Peran Menag RI KH Masykur di Tengah Pemberontakan DI/TII


Peran Menag RI KH Masykur di Tengah Pemberontakan DI/TII

Saat kekuatan Jepang atas Indonesia mulai goyah, masa itu dimanfaatkan oleh Jepang untuk mendidik para pemuda tak lain untuk memperkuat tentara Jepang dalam menghadapi sekutu. Hal ini dimanfaatkan oleh NU melalui diplomatik KH Muhammad Hasyim Asy’ari untuk melatih para santri menjadi pemuda yang ahli dalam berperang yakni Laskar Hizbullah.

Di Malang, laskar yang tak lain adalah para santri itu bernama laskar Sabilillah yang dikomandoi langsung oleh pendiri PETA (Pembela Tanah Air) KH Masykur.

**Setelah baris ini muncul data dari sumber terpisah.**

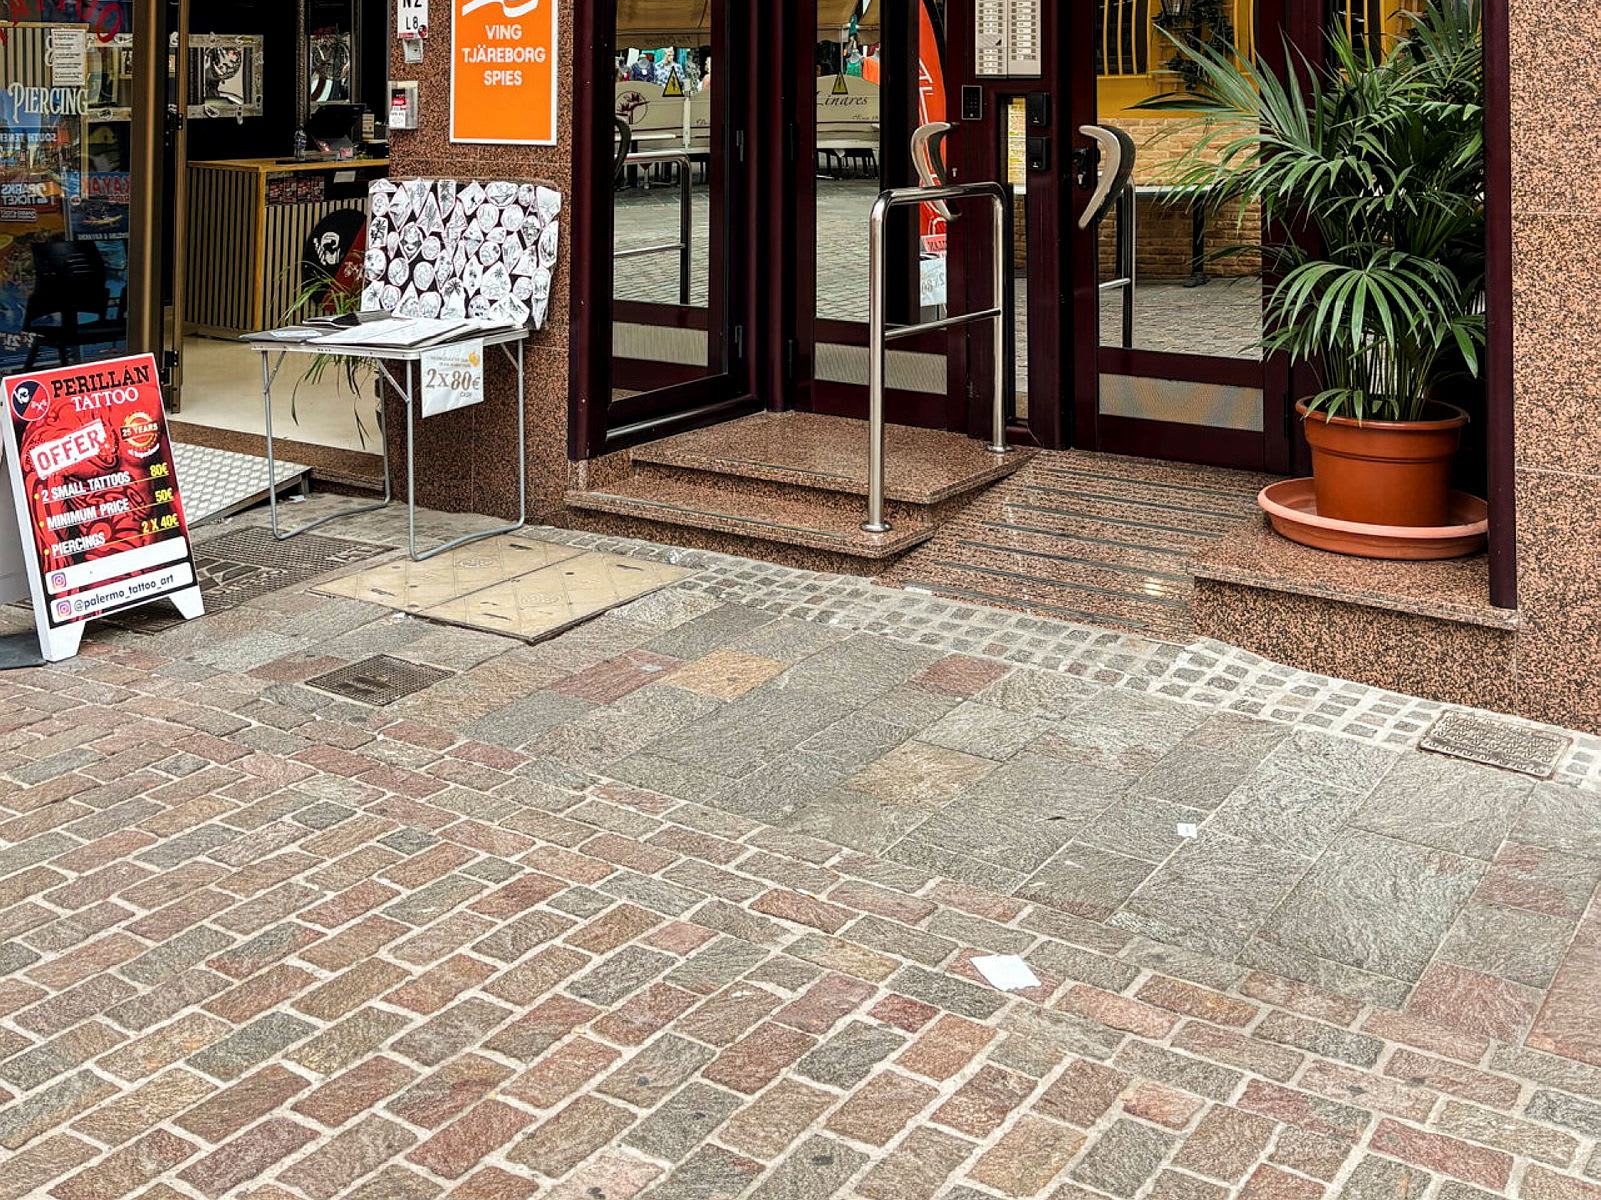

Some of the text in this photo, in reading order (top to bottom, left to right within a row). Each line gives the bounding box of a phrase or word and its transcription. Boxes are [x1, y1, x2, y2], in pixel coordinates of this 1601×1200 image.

Kiai yang tercatat terlibat langsung dalam perang Agresi Militer I di Surabaya dan perang gerilya pada Agresi Militer II tahun 1948-1949 ini aktif di berbagai organisasi sosial-politik. Kiai asal Singosari ini sering kali bersitegang dengan pemerintahan Jepang saat itu yang selalu menekan rakyat.

KH Masykur yang menjadi Syu Sangi-Kai (DPRD) saat itu, selalu mengkritik kebijakan penjajahan Jepang yang tidak bertolak belakang dengan kesejahteraan rakyat. Salah satunya dengan lantang KH Masykur menolak kebijakan Jepang yang sering kali mengambil paksa harta milik rakyat. Meski kedudukannya saat itu tidak memiliki hak untuk mengajukan pendapat, KH Masykur sebagai penasihat cukup berani dengan lantang menentang kebijakan Jepang yang menyengsarakan.

Sikap tegas KH Masykur ini terus terlihat hingga revolusi fisik berakhir dan Indonesia merdeka di bawah Presiden Soekarno. Tatkala menjadi Menteri Agama RI, KH Masykur berani mengambil langkah besar dengan memberi gelar Soekarno Waliyyul Amri Ad-Dharuri bis Syaukah (Kepala negara dalam bidang kenegaraan dan keagamaan).

Situasi pelik yang dihadapi Indonesia saat itu mengharuskan NU mempunyai sikap atas terjadinya pemberontakan yang dilakukan oleh Darul Islam/Tentara Islam Indonesia (DI/TII). Pemberontakan yang dilakukan oleh sebagian kelompok yang ingin menjadikan Negara Kesatuan Republik Indonesia ini sebagai negara Islam jelas mengancam Pancasila sebagai dasar negara.

Berlandasakan konflik tersebut, NU dengan para tokoh ulama melakukan konferensi di Cipanas yang dipimpin oleh KH Masykur yang saat itu menjabat sebagai Menteri Agama RI. Hasil konferensi tersebut menyepakati Soekarno sebagai pimpinan yang harus dipatuhi oleh umat Islam yang hidup di Indonesia. Soekarno diberi gelar “Waliyul Amri Ad-Dharuri bis Syaukah” untuk menguatkan legitimasi kekuasaan Soekarno di kalangan Muslim. []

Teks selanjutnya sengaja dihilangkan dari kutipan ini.